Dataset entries
[Start of section]
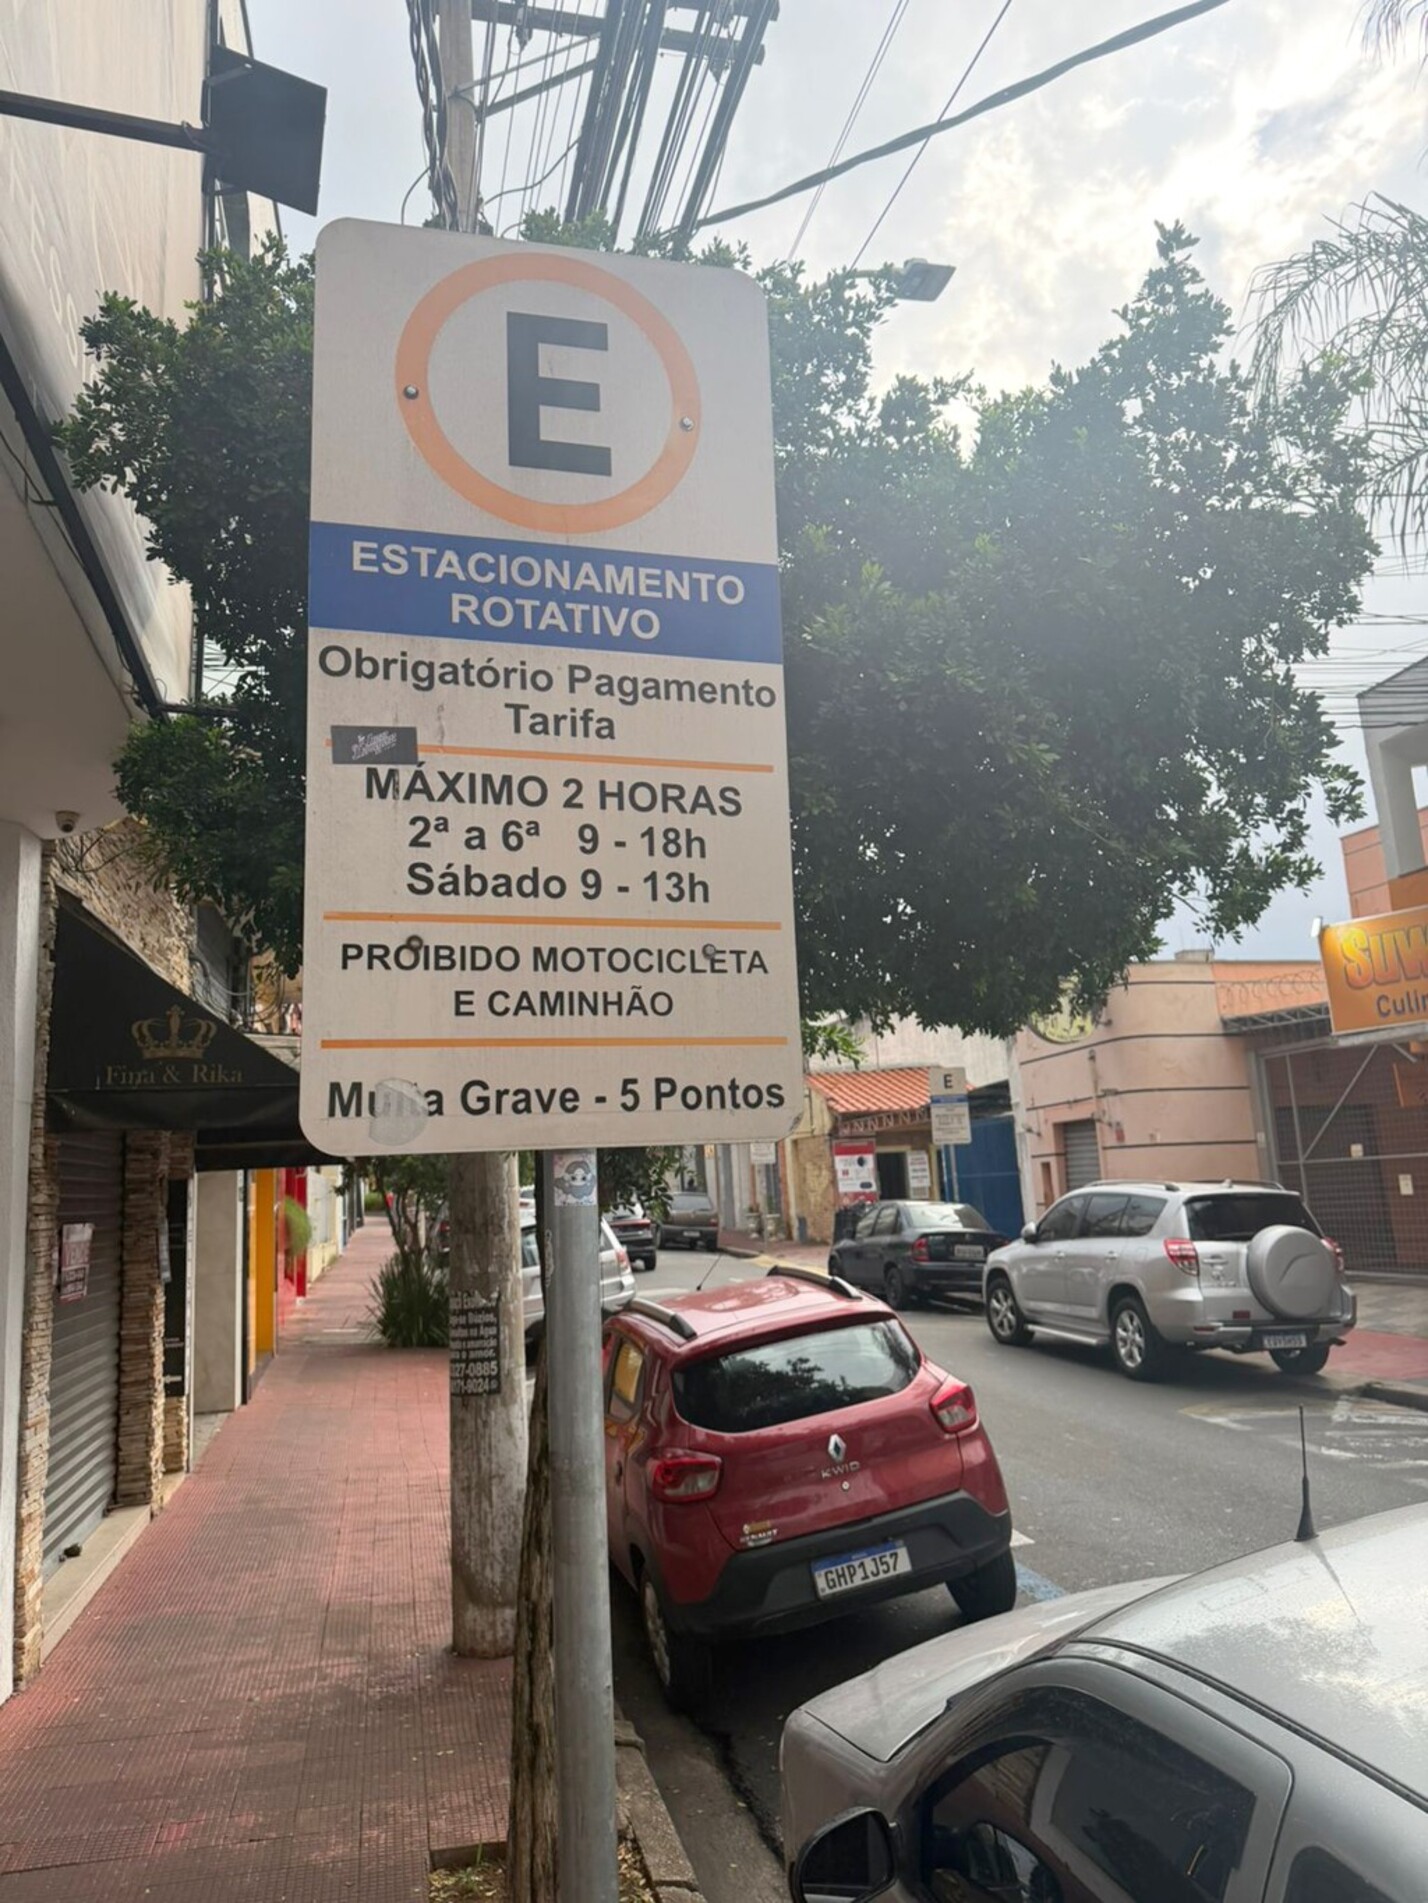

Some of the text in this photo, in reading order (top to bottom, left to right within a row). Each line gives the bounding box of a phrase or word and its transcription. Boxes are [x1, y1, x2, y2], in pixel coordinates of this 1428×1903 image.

[506, 311, 612, 477] E
[351, 541, 745, 605] ESTACIONAMENTO
[450, 592, 660, 640] ROTATIVO
[318, 645, 777, 708] Obrigatório Pagamento
[505, 703, 616, 739] Tarifa
[365, 761, 742, 817] MÁXIMO 2 HORAS
[408, 815, 449, 848] 2ª
[464, 825, 486, 851] a
[501, 820, 540, 852] 6ª
[577, 823, 600, 855] 9
[640, 826, 707, 859] 18h
[406, 862, 567, 898] Sábado
[580, 868, 602, 900] 9
[642, 870, 710, 903] 13h
[340, 943, 769, 975] PROIBIDO MOTOCICLETA
[453, 984, 674, 1017] E CAMINHÃO
[162, 1063, 182, 1084] &
[191, 1063, 243, 1083] Rika
[943, 1074, 954, 1089] E
[328, 1081, 444, 1118] Mua
[460, 1079, 580, 1116] Grave
[620, 1077, 640, 1113] 5
[653, 1076, 786, 1111] Pontos
[820, 1461, 861, 1479] KWID
[823, 1551, 899, 1591] GHP1J57
[End of section]
What this task involves — Output the data above verbatim, pictures excluded.

Expected output —
Some of the text in this photo, in reading order (top to bottom, left to right within a row). Each line gives the bounding box of a phrase or word and its transcription. Boxes are [x1, y1, x2, y2], in pixel coordinates of this 1428×1903 image.

[506, 311, 612, 477] E
[351, 541, 745, 605] ESTACIONAMENTO
[450, 592, 660, 640] ROTATIVO
[318, 645, 777, 708] Obrigatório Pagamento
[505, 703, 616, 739] Tarifa
[365, 761, 742, 817] MÁXIMO 2 HORAS
[408, 815, 449, 848] 2ª
[464, 825, 486, 851] a
[501, 820, 540, 852] 6ª
[577, 823, 600, 855] 9
[640, 826, 707, 859] 18h
[406, 862, 567, 898] Sábado
[580, 868, 602, 900] 9
[642, 870, 710, 903] 13h
[340, 943, 769, 975] PROIBIDO MOTOCICLETA
[453, 984, 674, 1017] E CAMINHÃO
[162, 1063, 182, 1084] &
[191, 1063, 243, 1083] Rika
[943, 1074, 954, 1089] E
[328, 1081, 444, 1118] Mua
[460, 1079, 580, 1116] Grave
[620, 1077, 640, 1113] 5
[653, 1076, 786, 1111] Pontos
[820, 1461, 861, 1479] KWID
[823, 1551, 899, 1591] GHP1J57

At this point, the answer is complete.